Just a selection of the most common keyboard shortcuts for macOS.

Now, I realize this is starting to sound like I’m cheerleading using the keyboard and not wasting time touching my filthy (not literal) trackball to do stupid mouse tricks that would be “easier” on the keyboard, but that wouldn’t be accurate. In reality, I use my trackball far more often where it matters to me; writing and editing.

Despite being able to OPT+LEFT/RIGHT to jump around with my cursor, one word at a time, I find it far more accurate to mouse to the edit insertion point. Think about it… a mouse pointer is an extension of your hand-to-eye coordination. When you are accustomed to your input device, the pointer goes to where you look. This combination is, as Steve Jobs predicted, is key to a fast and efficient user experience. There are no keyboard shortcuts to make the cursor jump to where you’re looking, at least not yet. Imagine spotting a typo two paragraphs above where you’re writing. Now, get to it with your keyboard, then with your mouse. How much time did you spend doing each?

I think the difference is stark, and clearly in favor of a mouse.

Ultimately your experience will be your own or, in internet parlance, your mileage may vary. It all comes down to how you use your computer and the level of proficiency you have developed in one or more operating systems. It’s quite clear that macOS is where I feel most comfortable, and I would argue that most people who haven’t already used a Mac would come to the same conclusion if you could transition seamlessly. But, we all know that’s not yet a thing, much like flying cars or setting up a new Android phone with the click of a button.

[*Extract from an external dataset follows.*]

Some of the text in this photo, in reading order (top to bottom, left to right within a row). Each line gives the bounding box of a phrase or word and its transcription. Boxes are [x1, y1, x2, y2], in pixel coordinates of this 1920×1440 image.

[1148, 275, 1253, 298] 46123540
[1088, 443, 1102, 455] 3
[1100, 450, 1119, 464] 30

To the question of efficiency, I think the idea that keeping your hands on your keyboard is the single most efficient use case is bullshit. I’ll admit that I’m likely biased because I use a trackball. It’s always in the same place and never moves, making it a lot easier to get my hand on it. The very large track ball makes it easy to get the mouse pointer exactly where you want it (see the link to the Elecom Huge above), and I don’t think very many people believe clicking a mouse button is difficult (I’m not including people who actually do find it difficult and need accessibility tools to help them.) Even so, any mouse, trackpad, or trackball leverages hand-to-eye coordination, and I think that’s a hard combo to beat when it comes to general computer navigation.

So, to all you keyboard masters out there who can fly around a computer never touching a mouse, kudos to you, but I don’t think the vast majority of the billions of computer users have the same experience. The combination of familiarity in your operating system and a good quality input device is the way almost all of us interact with our systems. That’s all I have to say on that.

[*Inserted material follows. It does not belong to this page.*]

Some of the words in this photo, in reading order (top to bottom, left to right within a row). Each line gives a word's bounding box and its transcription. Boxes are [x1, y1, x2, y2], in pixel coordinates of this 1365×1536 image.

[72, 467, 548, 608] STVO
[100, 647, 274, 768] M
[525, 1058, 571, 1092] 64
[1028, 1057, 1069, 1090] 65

PS: Voting rights. Seriously, voting rights. Can’t hear me? VOTING RIGHTS.

PPS: What will you do when you’re not allowed to vote because you mailed in your ballot a little late and any buffer time was removed or you can’t vote by mail any more? Does voting still happen on a weekday and you don’t get that day off to go vote? When the polls close earlier than they used to or your state closed a lot of polling places? When you’ve stood in line for hours only to be turned away because the rules changed and polls no longer stay open long enough to let everyone in line vote?

PPPS: What voter fraud? Where’s the proof? Why doesn’t anyone ask for said proof and, when bullshit is tendered as “proof” why isn’t it raked over the coals like it should? Have a nice day. I love you all, even the people who don’t deserve it. We should all get the chance to live a life, not just the ones who falsely believe they’re superior to everyone else.